Hidden Lessons in History
by Lisa VanDamme
You know that over the course of the three-year cycle of history, VanDamme Academy students are learning about the progress of human civilization: from the hunter-gatherers, to primitive agriculture, to industrialization; from Greek democracy, to limited government in England, to the constitutional republic in America; from primitive superstition, to the early science of Ancient Greeks, to the scientific revolution.
But did you know that your kids are simultaneously making a progress of their own?
Built into our history classes are important skill-building progressions. The students progress from short answer questions to essays, and from dictated notes to independent note taking. Since so many graduates have said that these skills were some of the most valuable in their repertoire as they moved on to high school, I thought I’d share a little more about this progress the students make in history class.
In 4th and 5th grade, classes alternate between lecturing and note writing. Mr. Lewis will talk for about five minutes, and then stop to record the essence of what he has said in note form. All the notes are written on the board, and the student’s responsibility is merely to copy them faithfully.
The notes are written in a formal outline structure, with headings, subheadings, and supporting points. Over the course of two years of seeing and recording these notes, the students start to develop an implicit understanding of the hierarchy of ideas in the lecture—of what is the central point, and what are the pieces of evidence that support, explain, and flesh out that main idea.
The students’ notes are checked nightly for omissions and errors, including grammar and spelling mistakes. Well-written notes earn hand-drawn smiley faces, and perfect notes earn smiley face stickers and sometimes even the coveted wombat stamp of approval.
At the start of 6th grade, the notes are still provided, but they are more comprehensive, and more writing is demanded of the students. Also, it is at this point that Mr. Lewis suggests they make their own additions to the notes, for which they are rewarded with smiley faces and public acknowledgement, as he shares with the class the kinds of things that can be helpful supplements to the notes provided. Then, at some point in their 6th grade year, they make the big transition— they begin taking their own notes, with only the headings provided.
The first reaction of the students is always, “Eek! No! Impossible! I can’t take notes on my own!” It usually takes two or three classes to convince them otherwise. Mr. Lewis explains the note-taking process, demonstrates it by lecturing and then asking the students to suggest what should be written in the notes, and then gives them a few days of follow-up discussion of their notes, discussing common mistakes and omissions and praising notes well done. As always, the notes are checked nightly and each class begins with corrections to those notes written the previous day.

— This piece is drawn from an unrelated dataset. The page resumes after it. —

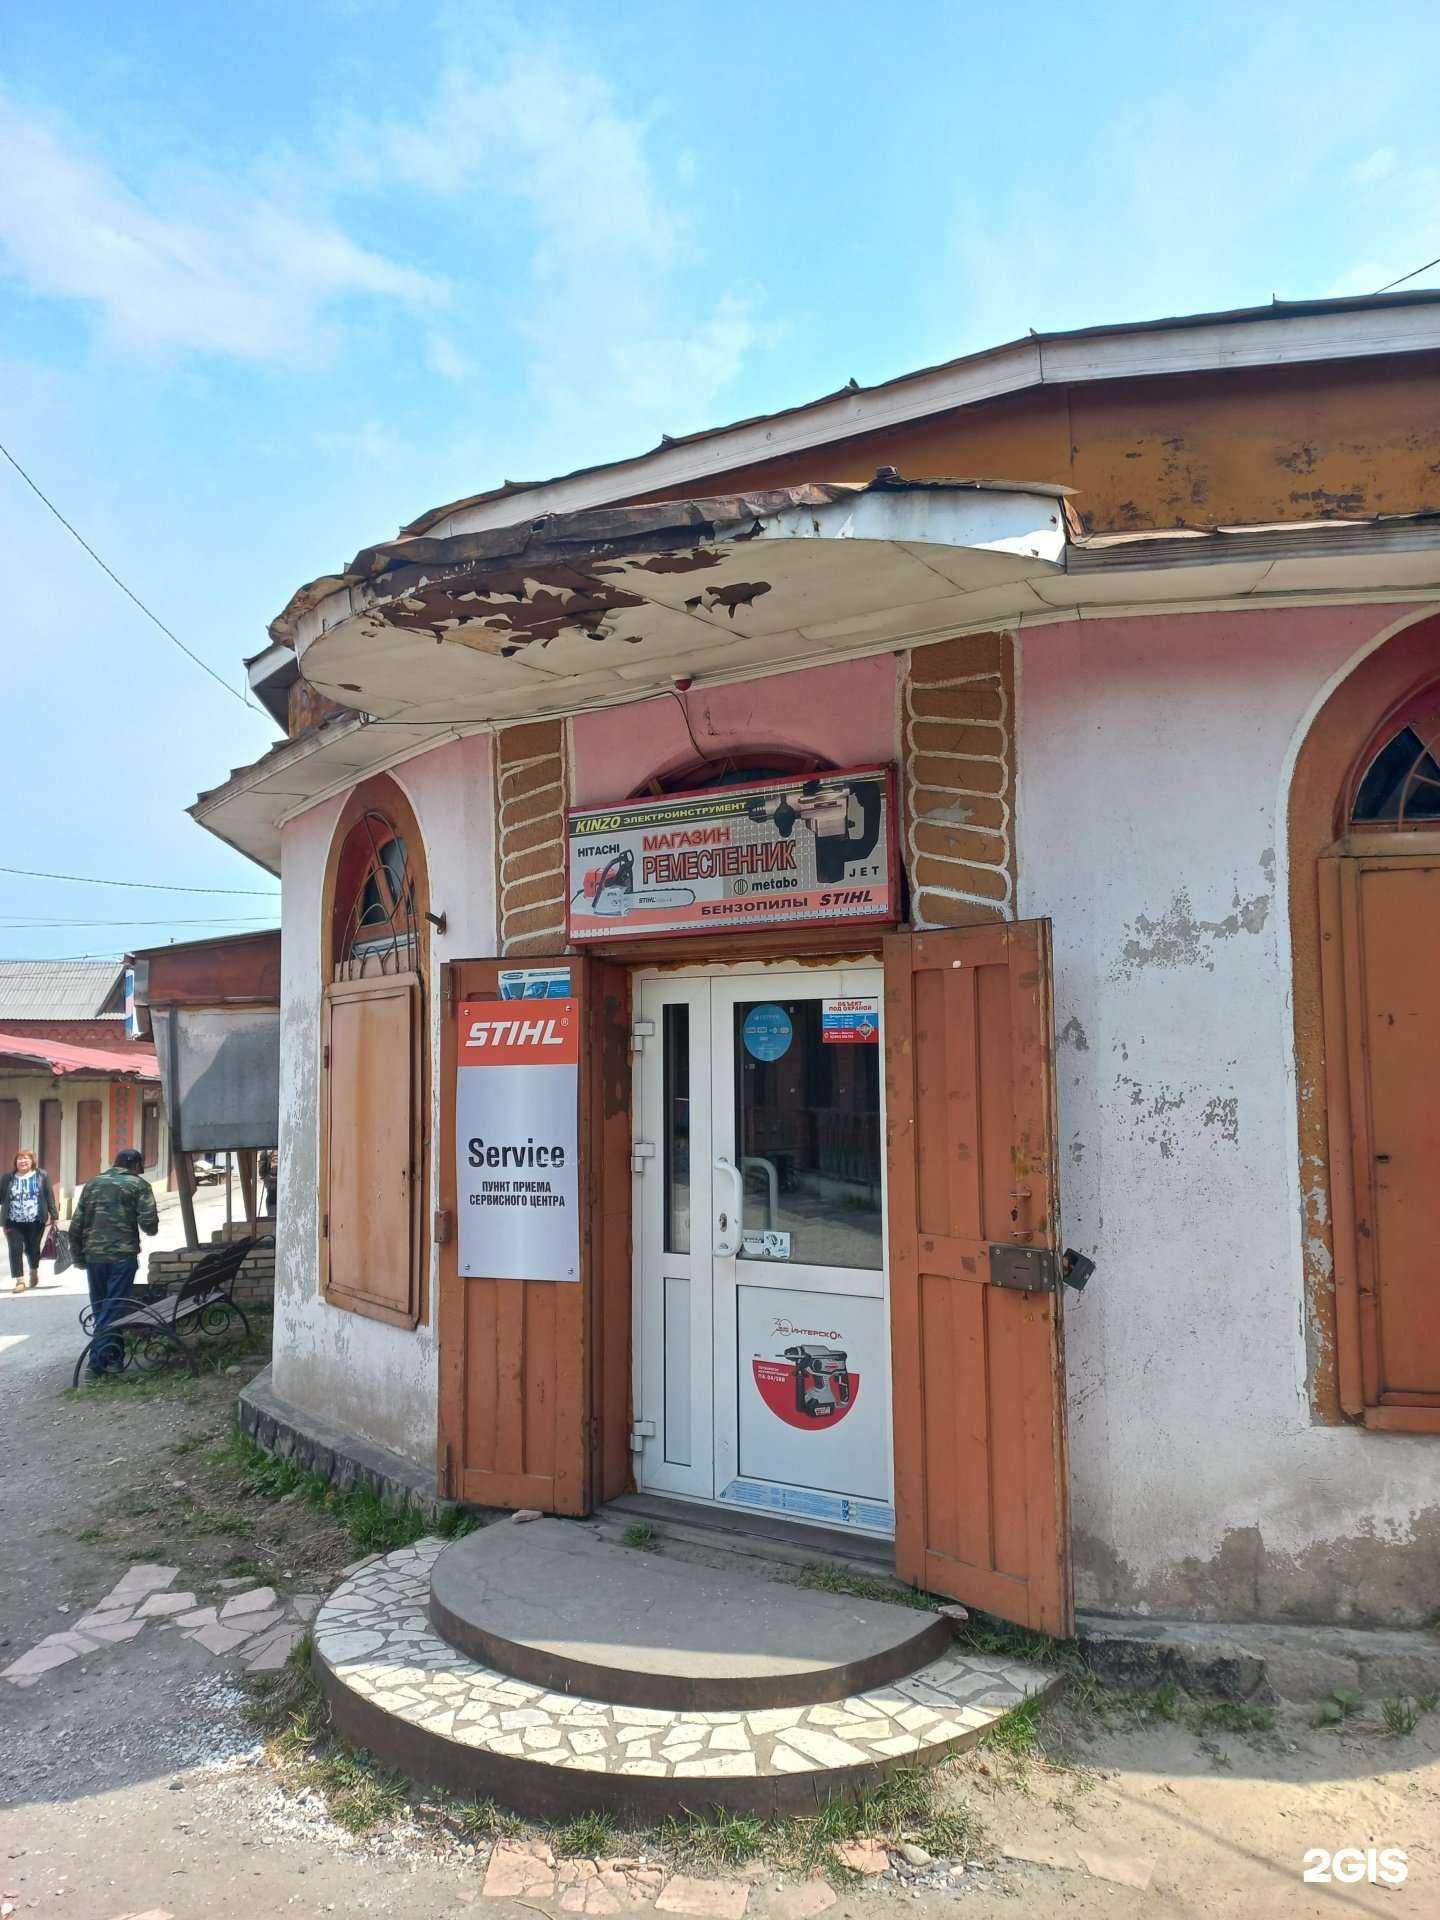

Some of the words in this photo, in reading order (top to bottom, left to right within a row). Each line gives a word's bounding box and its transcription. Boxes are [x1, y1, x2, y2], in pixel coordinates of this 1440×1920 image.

In 7th and 8th grade, the responsibility of taking their own notes continues, and after two and a half years of this process, the ability to take notes is part of their DNA. (Won’t it be great when our grown students start sending their note-taking offspring to VDA?) Graduates thank Mr. Lewis for helping them to seamlessly develop this skill before they enter high school and college, where their peers are terribly intimidated by this process that our graduates have mastered.